Cada vez más caliente, el argentino empezó a desabrocharse los pantalones con la intención de sacar su miembro. Quería que el petiso se lo mamara. Una vez con la pija al aire, ordenó a su puto que se agachara para darle placer, pero éste permaneció inmóvil. Algo disgustado por la pasividad de su compañero, el Chongo decidió cambiar de táctica. Omitiría todo prolegómeno que postergara su verdadero fin: “la copulación contra natura”. Decidido, pues, a cumplir sin más rodeos su plan sodomizador, posó la mano sobre el trasero de su petiso, pellizcándoselo, propinándole, con entregada fruición, sonoras palmadas, mientras le susurraba: "Che, boludo, este culito tan rollizo lo quiero tomar, ¿querés, petiso mío, que te lo mime? ¿ querés, lindo puto, que mi tonga le dé muchos mimos?… Inmediatamente su delirante imaginación proyectó la imagen de un títere accionado por una dura pinga. De niño siempre le habían maravillado los espectáculos de marionetas. Le complació mucho la idea de concebir a su miembro viril como a una traviesa mano que se adentraba, para moverlo según su voluntad, en las entrañas de su lindo puto. Serían ambos, tan pronto lo montara, como dos cuerpos uncidos por una sola voluntad. Dos carnes gobernadas por una sola alma. Se sintió arrebatadamente  feliz ante la perspectiva de que su alma tomara posesión de otro cuerpo.

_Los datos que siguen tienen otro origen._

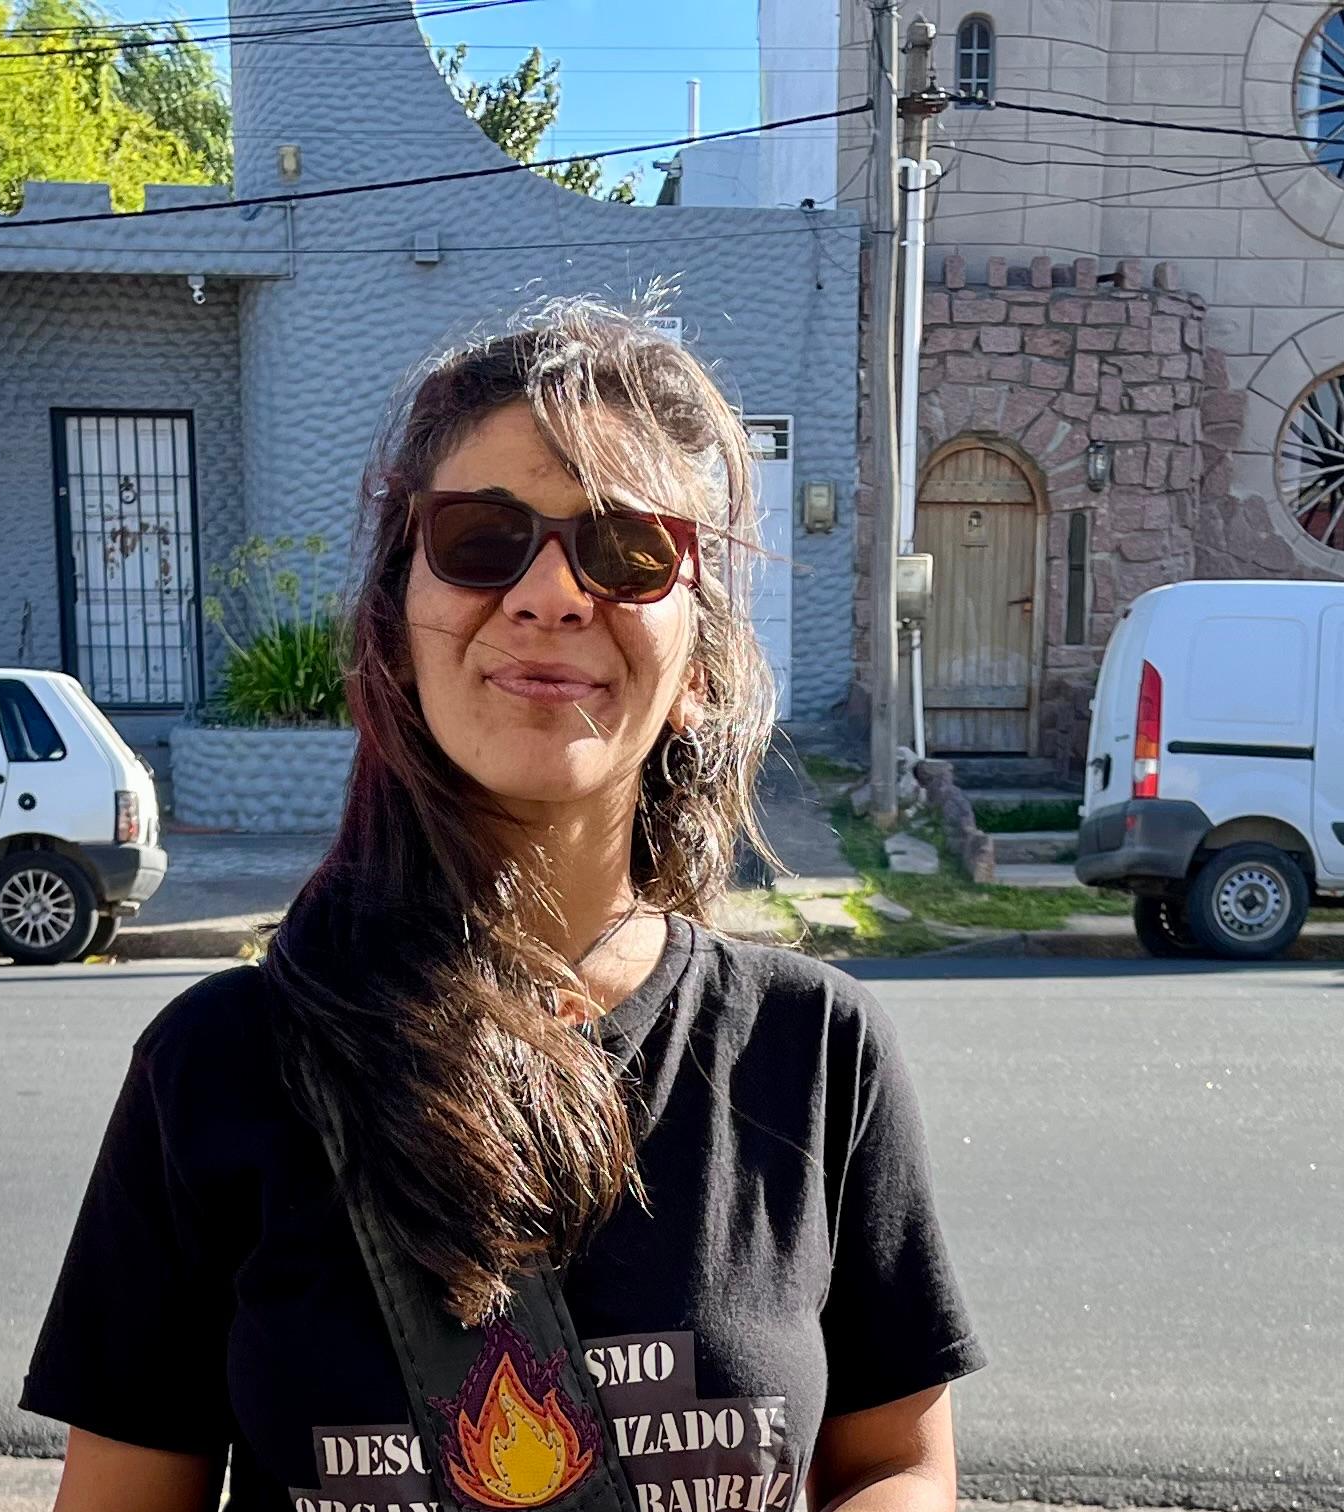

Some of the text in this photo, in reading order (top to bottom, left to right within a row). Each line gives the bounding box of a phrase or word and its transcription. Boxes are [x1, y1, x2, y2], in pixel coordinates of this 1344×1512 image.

Adoraba, el Chongo, a su espíritu y por eso mismo le pareció muy bello que éste se propagara por la carne de su petiso, que toda la anatomía de éste se convirtiera en un hogar santo para aquél. Su proselitista Espíritu conquistaría a esa criatura hasta poseer cada migaja de su mente y de su cuerpo. No cesaría  hasta dominar por completo la voluntad de su petiso. Deseaba tanto controlar su cerebro para gobernarle el carácter, para administrarle las costumbres o para moldearle a su antojo los actos. Haría de él un sumiso Frankenstein. Lo convertiría en un bello especimen cuyo único fin sería adorar al Chongo Jodón.  Le excitó tanto al argentino la idea de sentirse adorado, como un ídolo de oro, por su petiso, que se lo imaginó como un montón de nieve que, por la obra de sus manos, se convertiría en un muñeco de nieve, hecho a imagen y semejanza suya, un muñeco que lo adoraría cuanto más lo hiciera gozar. El argentino, ansioso ya por sentirse el ser más adorado de la tierra, ardíó en deseos de hacer gozar a su petiso. Y obcecado con esa voluntad de adoración, procedió a desnudarlo.